О богатых, в противоположность бедным, говорит оратор так: «Бедные имеют нужду в необходимом, лежат в расслаблении от голода, с чувством, слишком притупившимся для того, чтобы свою бедность оплакивать, не имея возможности от истощения сил простереть руку за милостыней, лишившись употребления ног, которыми могли бы сходить к богатому, с дыханием, слишком слабым для того, чтобы высказать свои жалобы. А мы ложимся на великолепных ложах, уже гневаясь, если слышим чей-либо шорох; цветы в необычное время года распространяют около нас свое благоухание; душимся драгоценнейшими духами; рабы стоят, выстроившись в одну линию, подобно женщинам наряженные, одни из них как только возможно нежнее касаясь кубком наших губ, другие неся прохладительное; стол отягощен кушаньями: все царства природы, воздух, вода, земля доставляют на оный свои продукты; каждый соревнует, кто лучше всего угодит своему желудку, этому ненасытимому животному, которое с пищей, им уничтожаемой, само уничтожается. Подаются дорогие вина: одни из них мы хвалим за аромат и мягкость, подвергаем их другим исследованиям и считаем вредным, если к туземному не присоединяется, как бы тиран какой, иностранное» [874] .
874
Ср.: Свт. Григорий Богослов. Слово 14 // Свт. Григорий Богослов. Творения. Т. 1.С. 183.

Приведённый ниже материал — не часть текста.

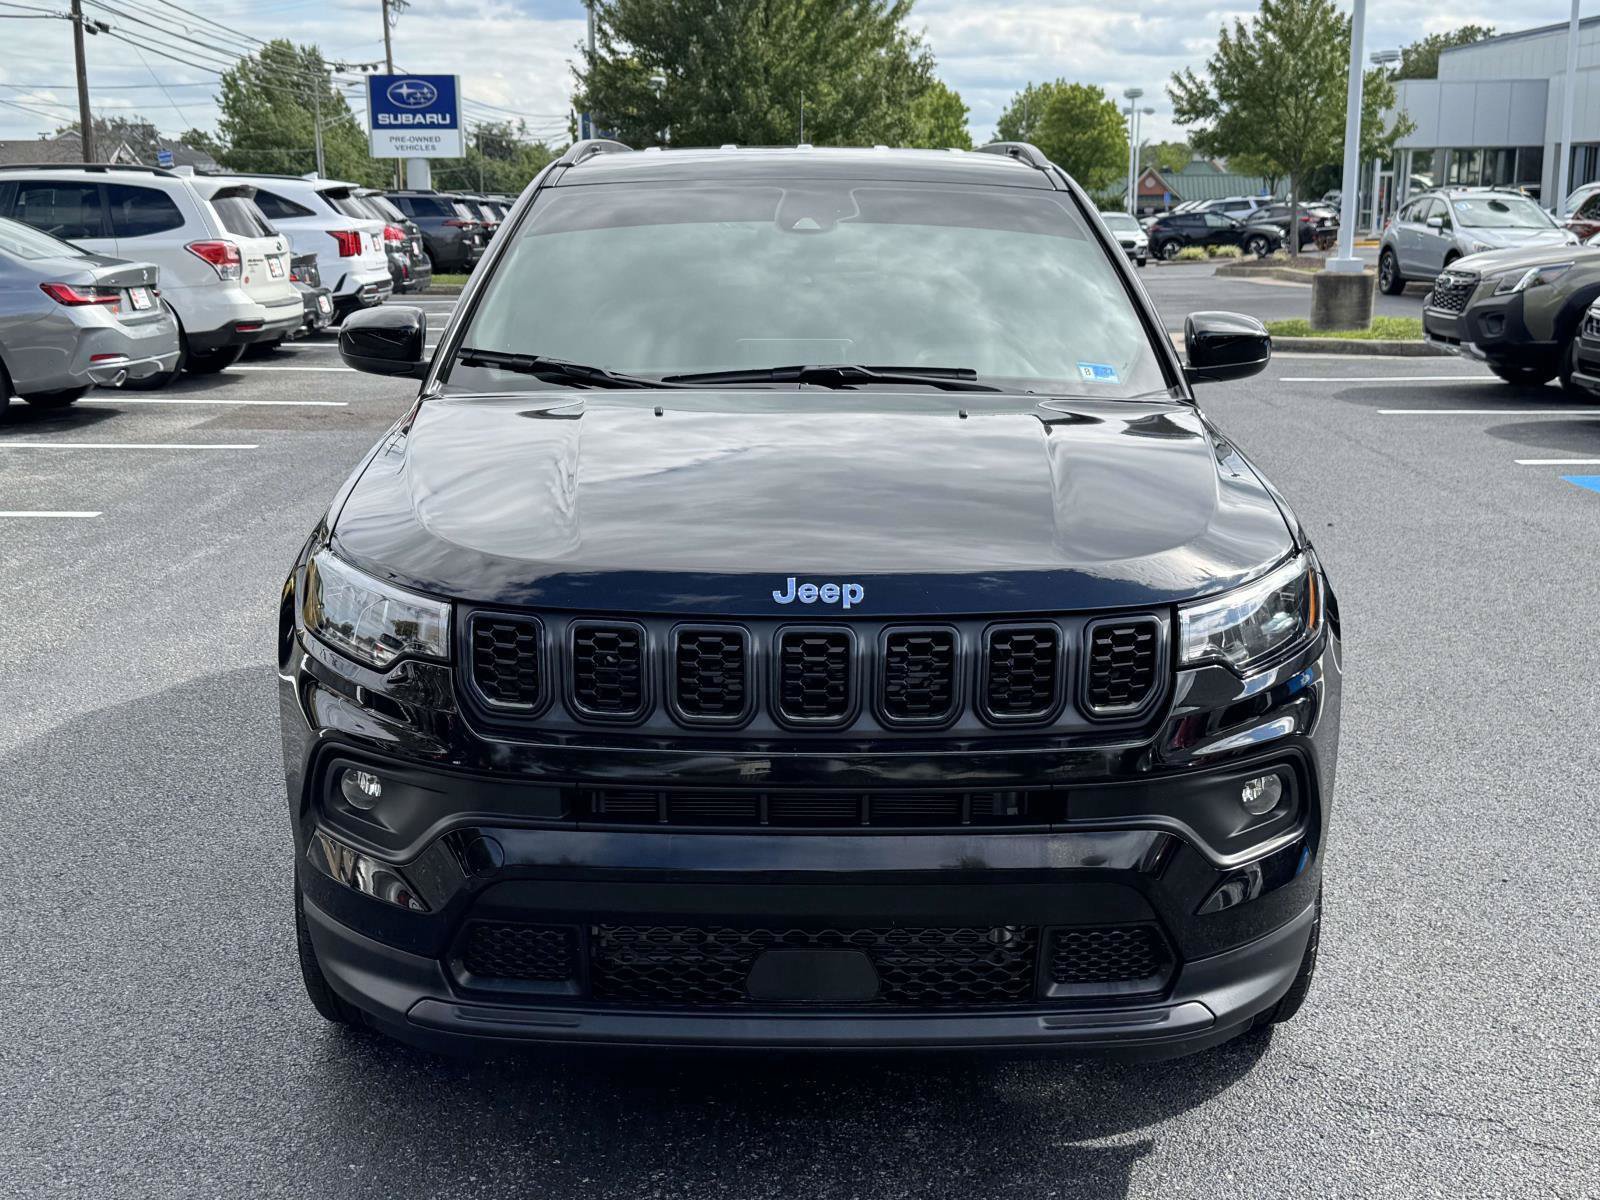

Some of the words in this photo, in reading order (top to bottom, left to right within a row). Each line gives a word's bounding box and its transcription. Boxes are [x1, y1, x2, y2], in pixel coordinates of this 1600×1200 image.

Речь о градобитии говорил св. Григорий вместо своего отца; он отвечал на вопрос, где причина таких бедствий. Григорий считает оные в порядке вещей, воспитательным средством со стороны Бога и доказательством Божественной любви к улучшению грешников. «Мы согрешили и, к сожалению, нечестиво относились ко всем Твоим заповедям, Господи! Мы недостойным образом унижали себя своей жизнью. Пресвитер и народ — все мы от Тебя отпали; Ты милосерд, но мы творили неправду; Ты — долготерпелив, мы же — достойны ударов. Конечно, было бы лучше, если бы мы не нуждались в таком очищении, но лучше грешнику обратиться, нежели по отпадении не быть прощенным» [875] . Оратор убедительно приглашает к покаянию и оканчивает, прося своего отца молитвой выпросить потерпевшим бедствие от градобития не только духовное питание, но и телесное.
875
Ср.: Свт. Григорий Богослов. Слово 15 // Там же. С. 203.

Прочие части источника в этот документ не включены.